▸ **ASSIGNMENT**: Once the images are set aside, return every entry exactly.

▸ **EXERCISE INPUT**:
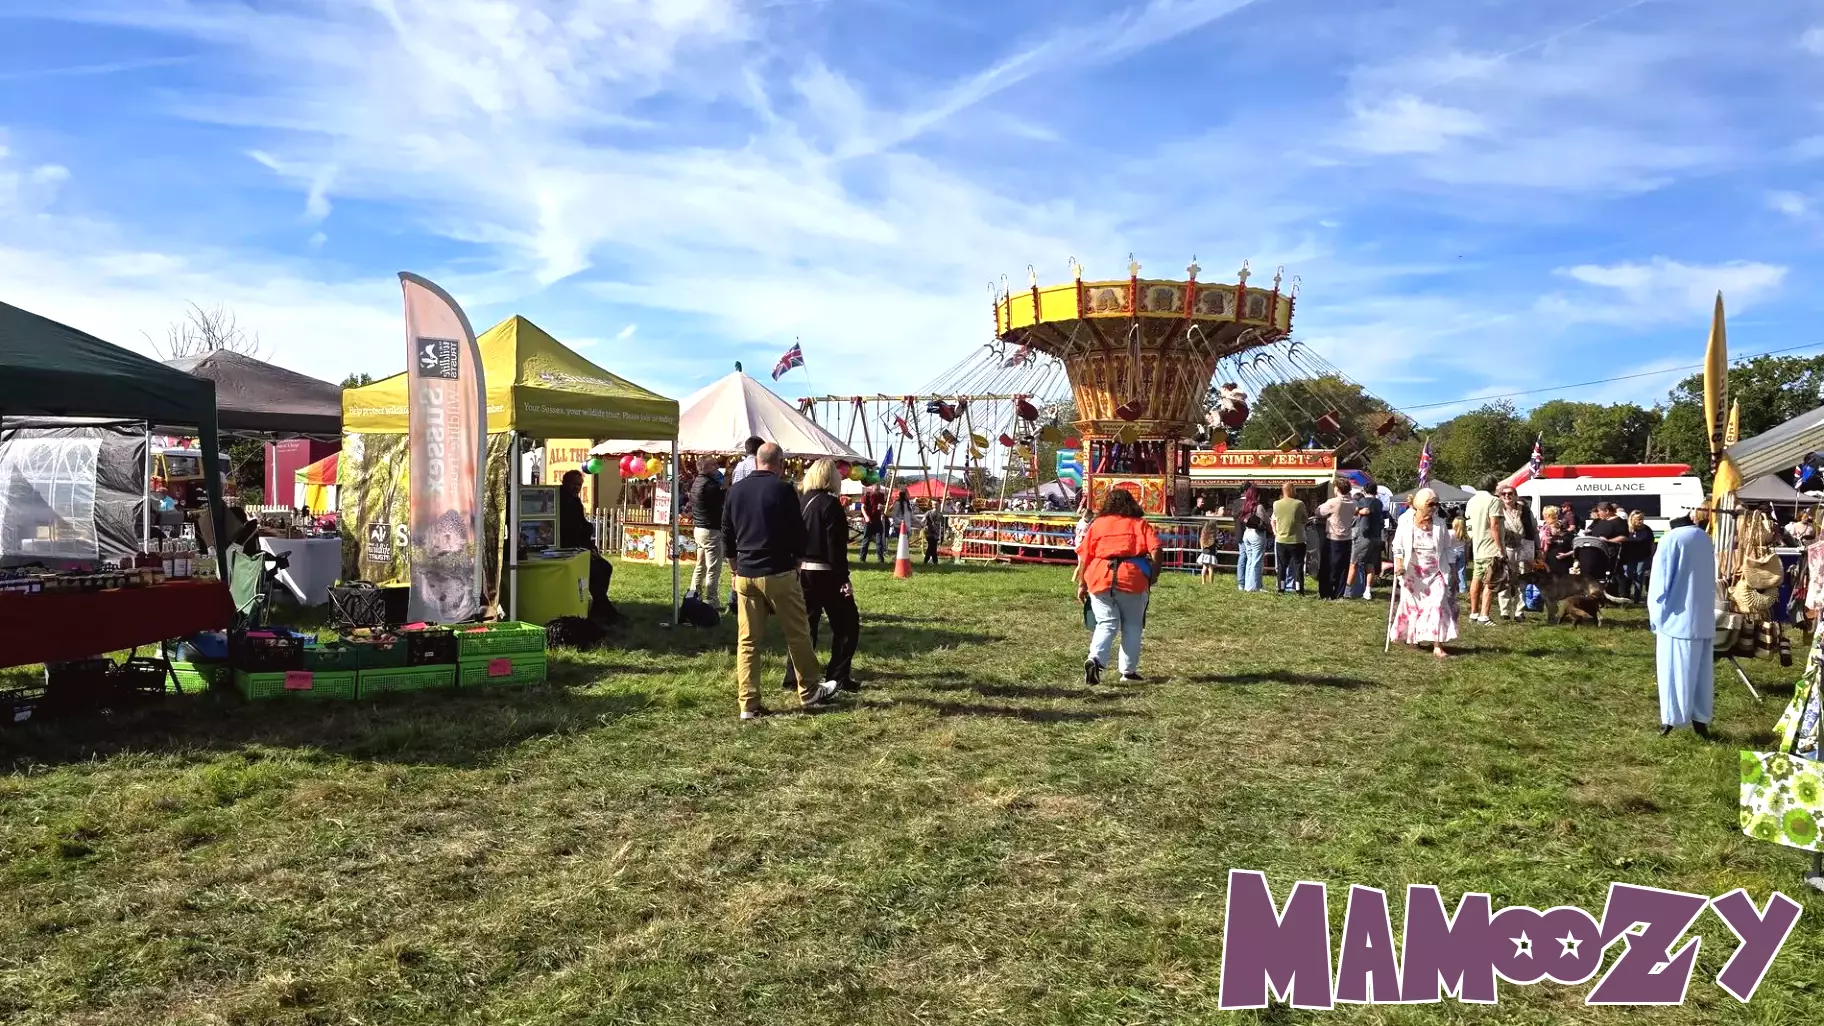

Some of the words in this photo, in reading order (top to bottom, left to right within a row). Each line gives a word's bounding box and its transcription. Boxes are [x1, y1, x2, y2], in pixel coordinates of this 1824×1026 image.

[524, 402, 541, 412] Your
[549, 447, 568, 465] ALL
[569, 447, 589, 463] THE
[1190, 454, 1217, 465] OD
[1219, 454, 1254, 465] TIME
[1575, 483, 1646, 492] AMBULANCE
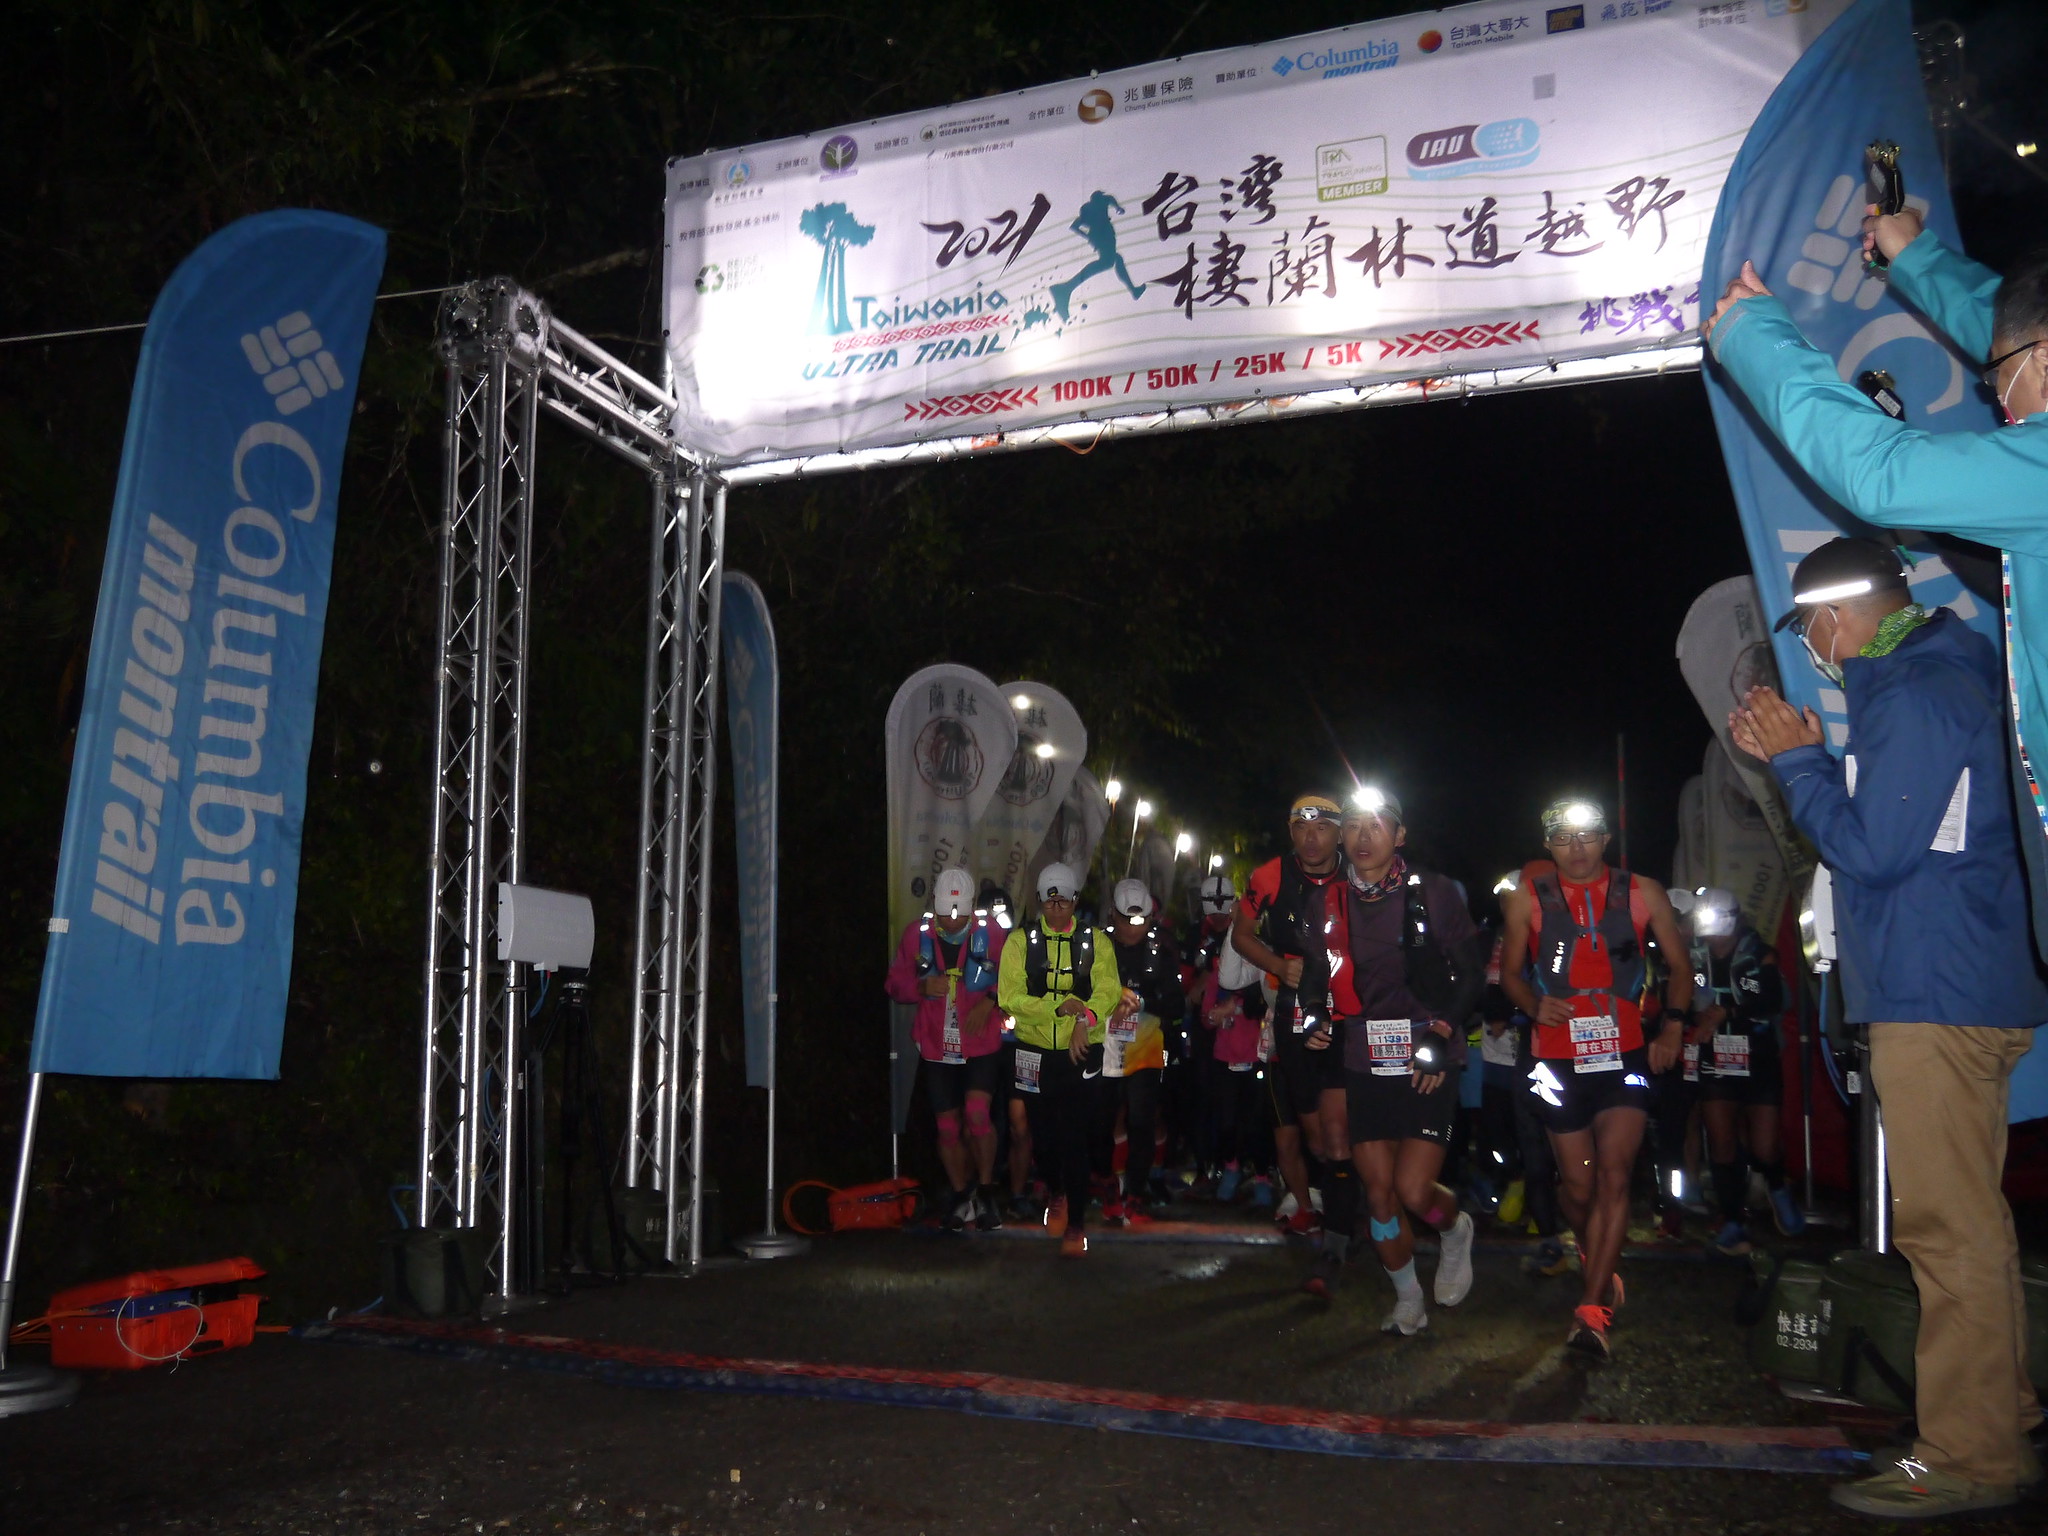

▸ **ANSWER BOX**:
Some of the words in this photo, in reading order (top to bottom, left to right within a row). Each line gives a word's bounding box and its transcription. Boxes are [x1, y1, x2, y2], in pixel coordinates of this 1824×1026 image.

[524, 402, 541, 412] Your
[549, 447, 568, 465] ALL
[569, 447, 589, 463] THE
[1190, 454, 1217, 465] OD
[1219, 454, 1254, 465] TIME
[1575, 483, 1646, 492] AMBULANCE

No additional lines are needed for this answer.